To accompany ‘The Amazon is in trouble. Here’s why — and why it matters’
- Based on what you know about plants, list at least three to five environmental traits that a rainforest will likely need to thrive.
- Considering your answer to the previous question, what are some types of natural threats that might affect the Amazon rainforest? What are some types of human-caused threats that might affect this forest?
- What type of terrain is the Amazon? What type of terrain is the Cerrado? Describe two ways they differ.
- Historically, what has been the largest factor driving changes in the Amazon? In the past 50 years, what has been a major source of change to this landscape?
- About what share of the world’s river water flows through the Amazon? About what share of land-dwelling species live there? What share of the world’s human-caused carbon dioxide emissions does it absorb?

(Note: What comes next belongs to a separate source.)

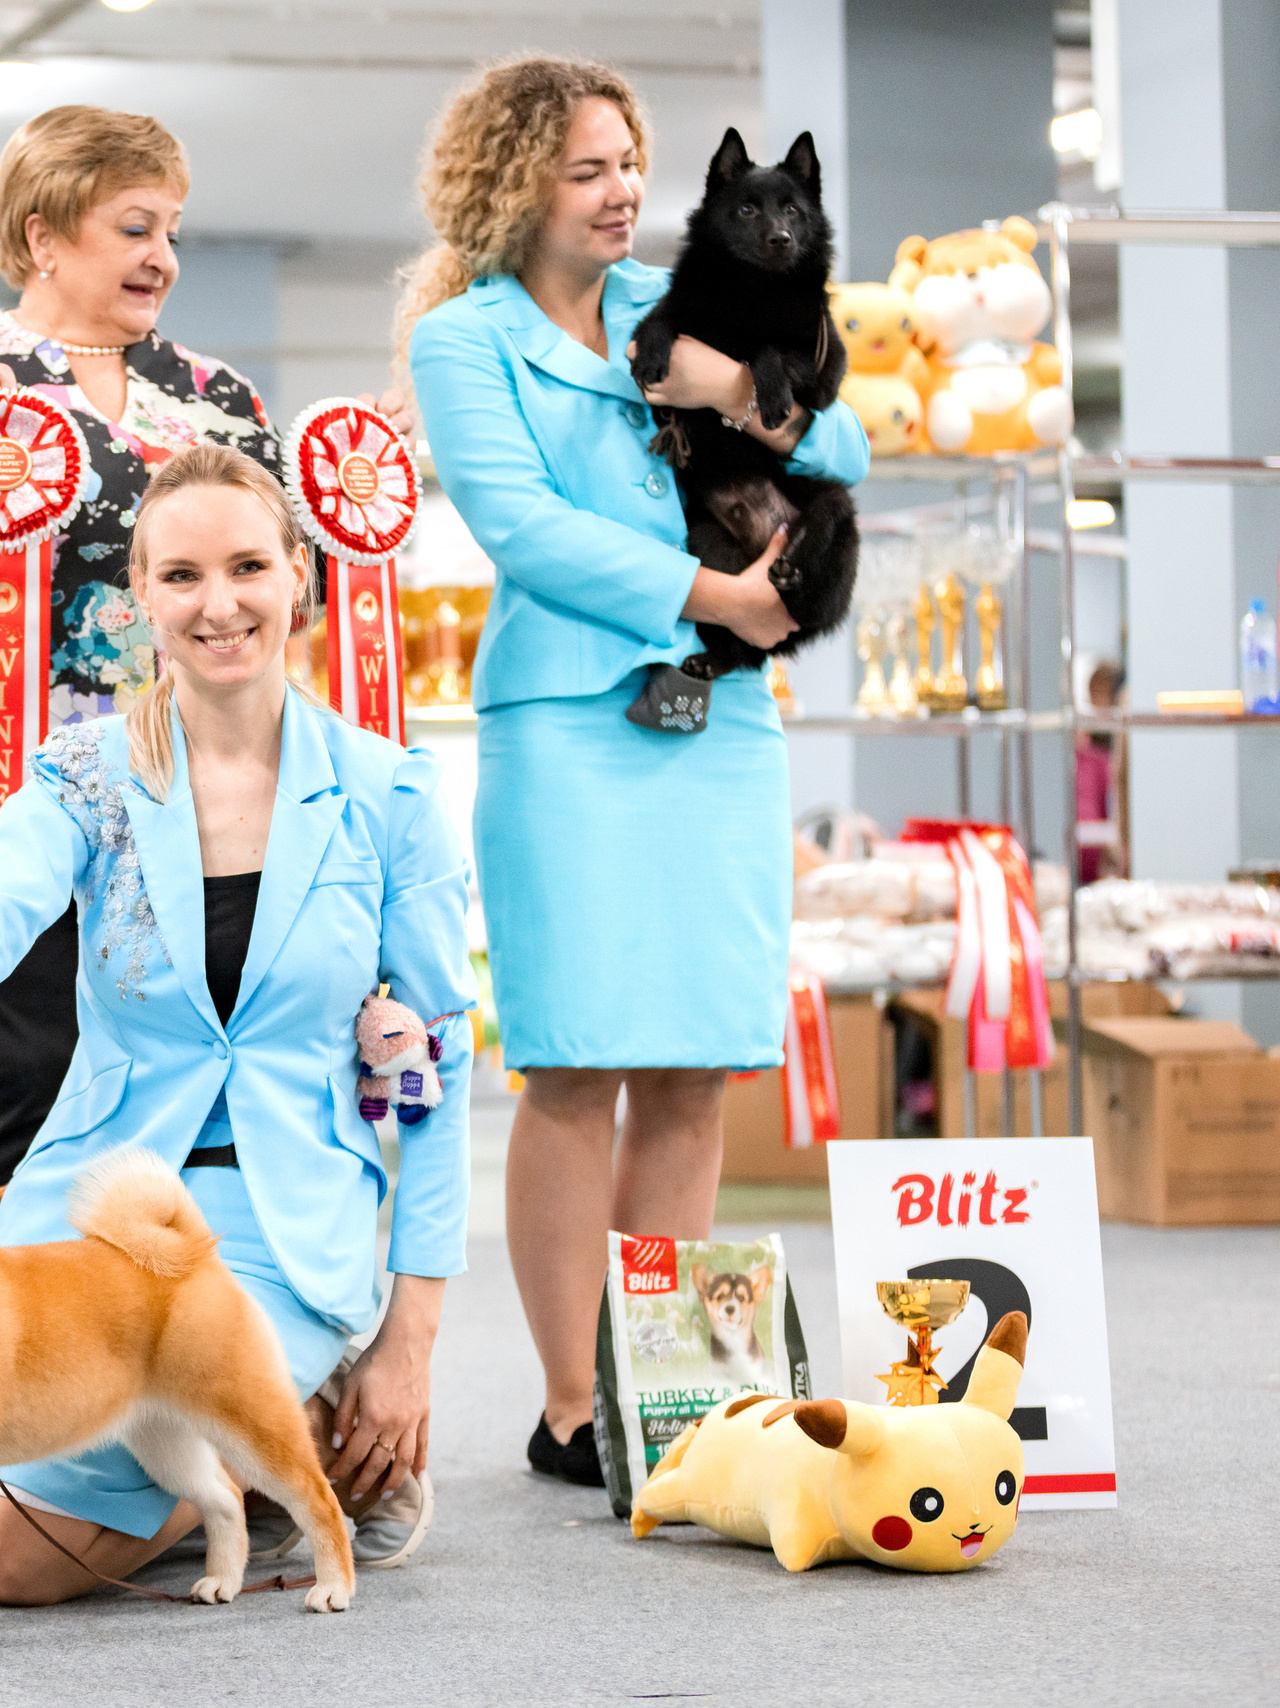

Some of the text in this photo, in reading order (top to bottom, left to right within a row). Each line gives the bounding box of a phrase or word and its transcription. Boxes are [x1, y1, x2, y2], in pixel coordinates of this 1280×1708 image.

- What are the trade winds? Why are they important to the Amazon?
- Describe the journey of a single drop of water as it travels from the Atlantic Ocean to where it finally exits the Western side of the forest basin. Include at least three cycles of transpiration.

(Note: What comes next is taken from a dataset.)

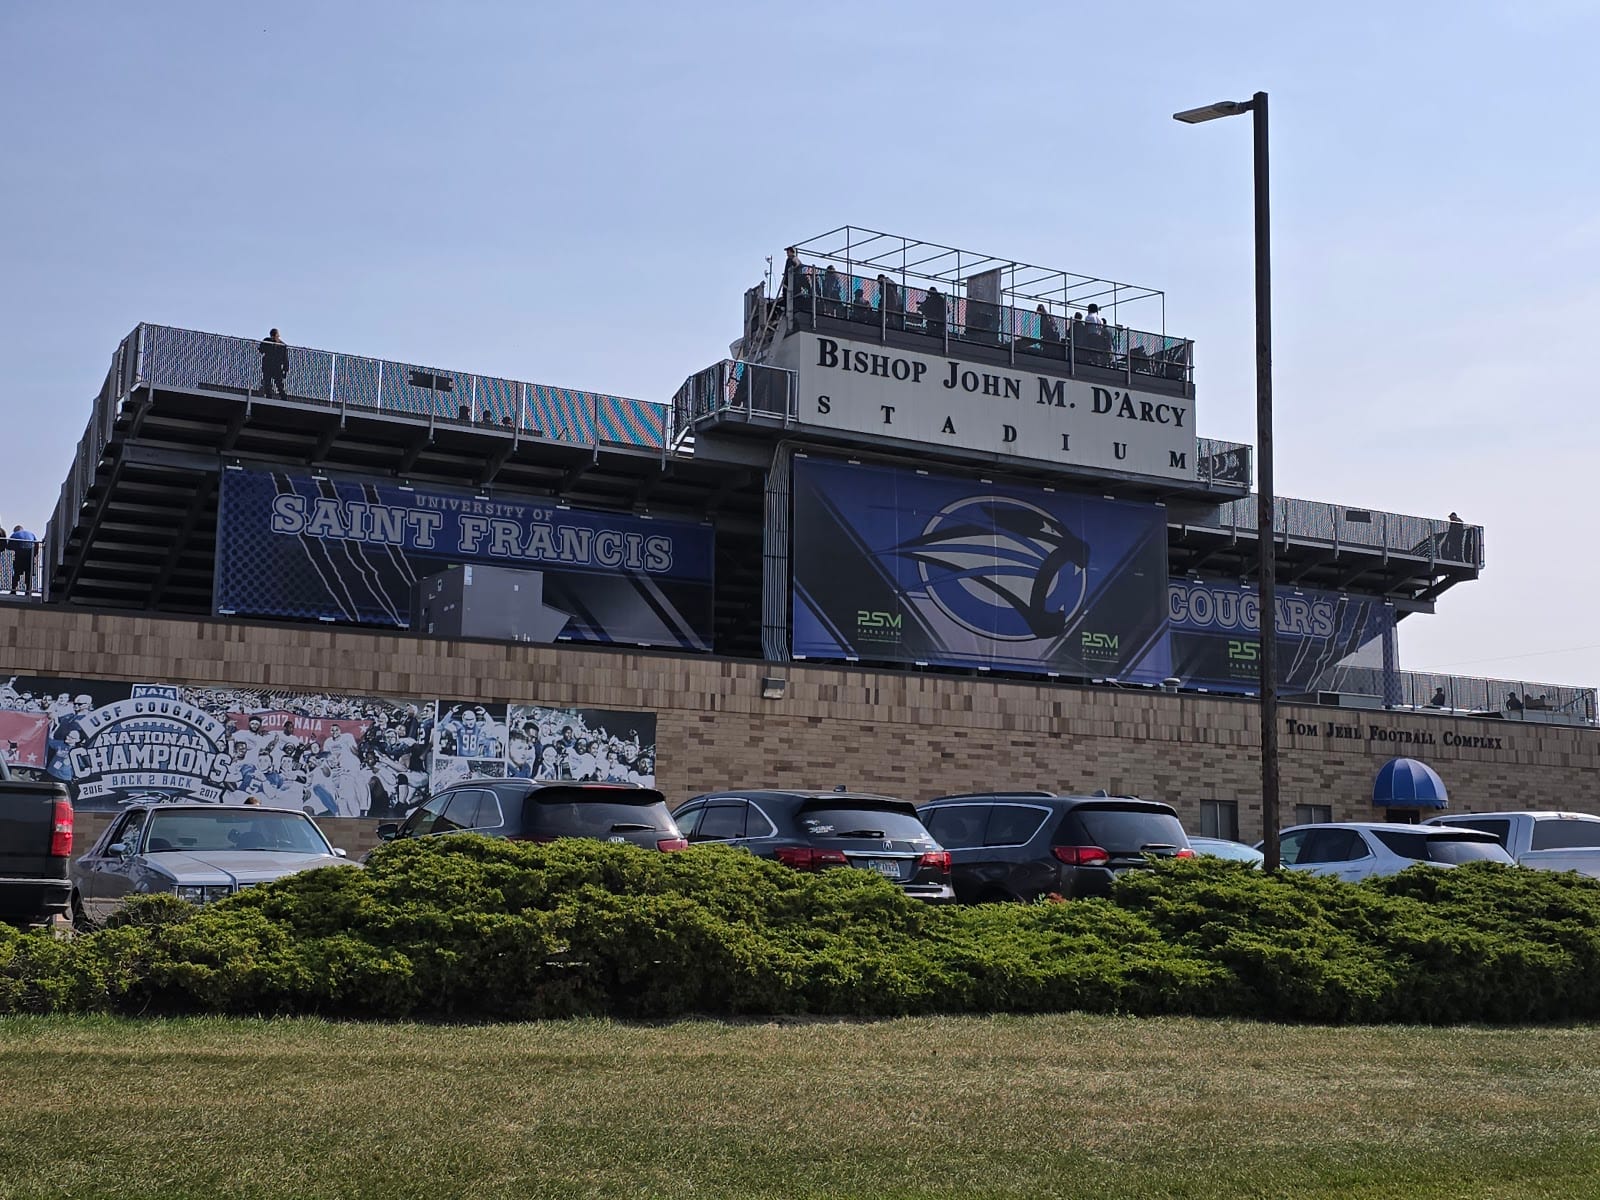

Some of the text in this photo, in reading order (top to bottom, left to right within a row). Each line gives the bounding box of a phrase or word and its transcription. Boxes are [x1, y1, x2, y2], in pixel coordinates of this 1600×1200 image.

- What is deforestation? What is forest degradation? Briefly describe what you understand the difference to be.
- What are two pieces of evidence from the past few decades that the Amazon is facing new extremes of temperature and less precipitation?
- Name three types of ecosystems found within the Amazon and describe a few ways they differ.

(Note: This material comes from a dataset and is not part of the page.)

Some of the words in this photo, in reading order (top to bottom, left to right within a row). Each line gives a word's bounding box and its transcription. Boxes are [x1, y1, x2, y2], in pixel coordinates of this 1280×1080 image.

- According to Marina Hirota, why do researchers often treat the Amazon as though all the trees are identical? What is one problem with this approach?
- As described in the story, what is one way that human activity has benefited the Amazon?
- When describing scientists’ efforts to understand the Amazon’s future, David Lapola says, it’s as if “we’re looking into a room from the hole of the lock.” What does he mean by that statement? Imagine that someone who has never visited you can see into your bedroom (or another room) only through a small hole in the door. What might that person be able to learn about you and your life from that view? What would they not be able to learn about you? With that comparison in mind, look back at the story for some examples of information scientists do NOT have about the Amazon. Choose one piece of information that is currently lacking and describe how having that information might help give researchers a better understanding of this rainforest’s future.
- Knowing that the Amazon is connected to many global systems and environmental effects, as described at the end of the story, think about how actions and choices in your life might connect to the rainforest. Choose one action in your life from the past few weeks and describe the impact it might have on the Amazon. Is it a positive impact or a negative one? What might you do differently in the future to change the type or amount of its impact on the Amazon?